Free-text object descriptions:
◆ ◆ ◆
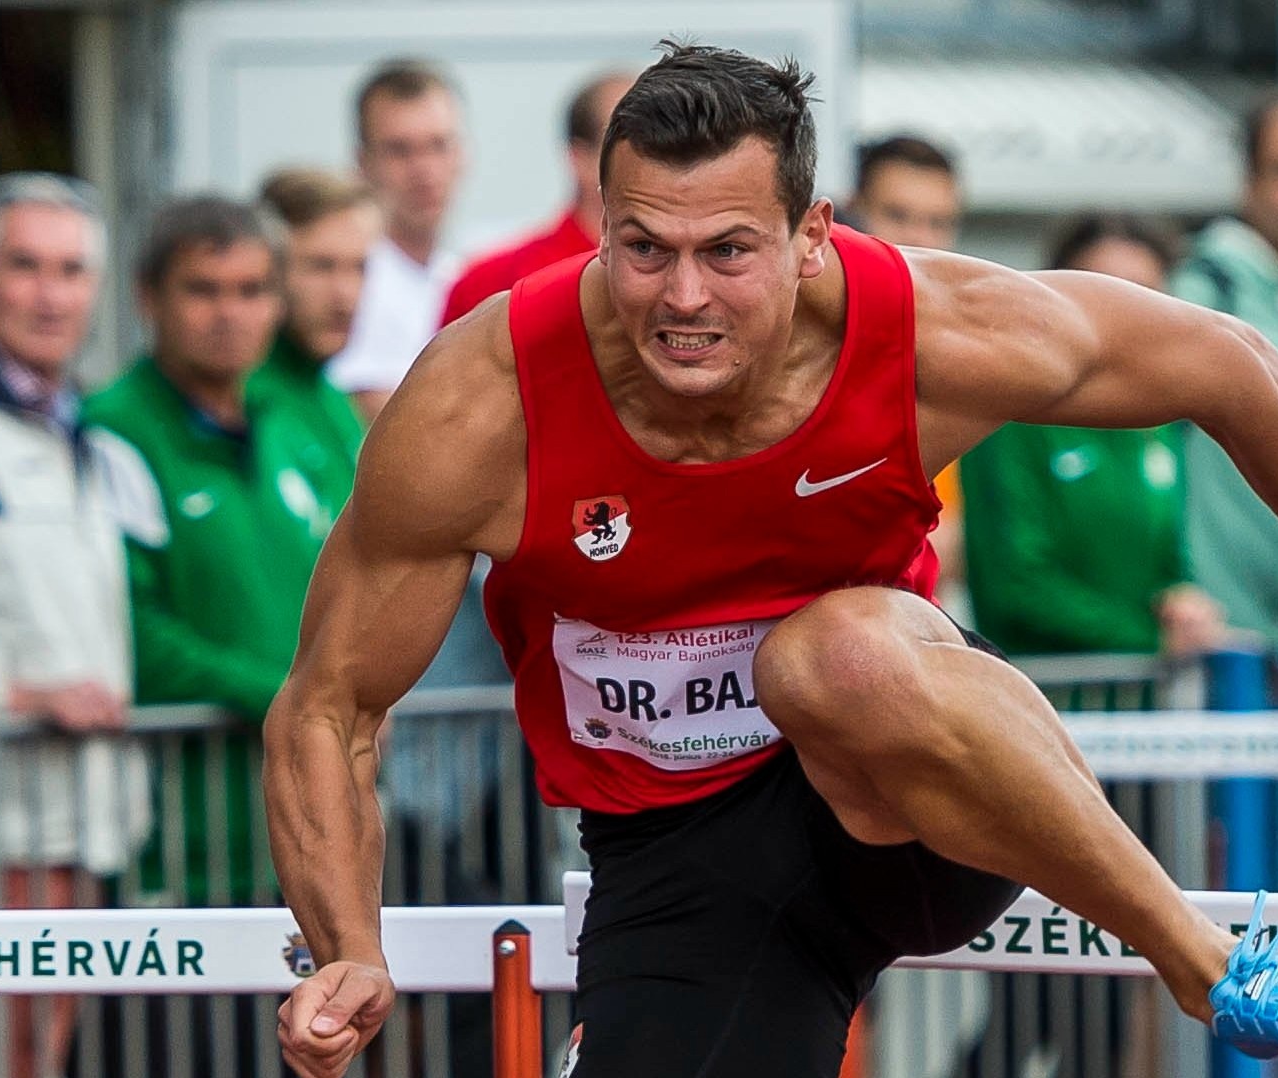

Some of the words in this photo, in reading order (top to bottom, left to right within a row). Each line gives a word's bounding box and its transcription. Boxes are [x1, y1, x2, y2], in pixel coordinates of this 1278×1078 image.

[614, 632, 658, 645] 123.
[616, 646, 673, 662] Magyar
[678, 641, 755, 663] Bajnokság
[595, 677, 672, 722] DR.
[616, 726, 771, 753] Székesfehérvár
◆ ◆ ◆
### Exercise requirements
No images belong in the copy. Transcribe every record exactly.

### Task response
Some of the words in this photo, in reading order (top to bottom, left to right within a row). Each line gives a word's bounding box and its transcription. Boxes are [x1, y1, x2, y2], in pixel coordinates of this 1278×1078 image.

[614, 632, 658, 645] 123.
[616, 646, 673, 662] Magyar
[678, 641, 755, 663] Bajnokság
[595, 677, 672, 722] DR.
[616, 726, 771, 753] Székesfehérvár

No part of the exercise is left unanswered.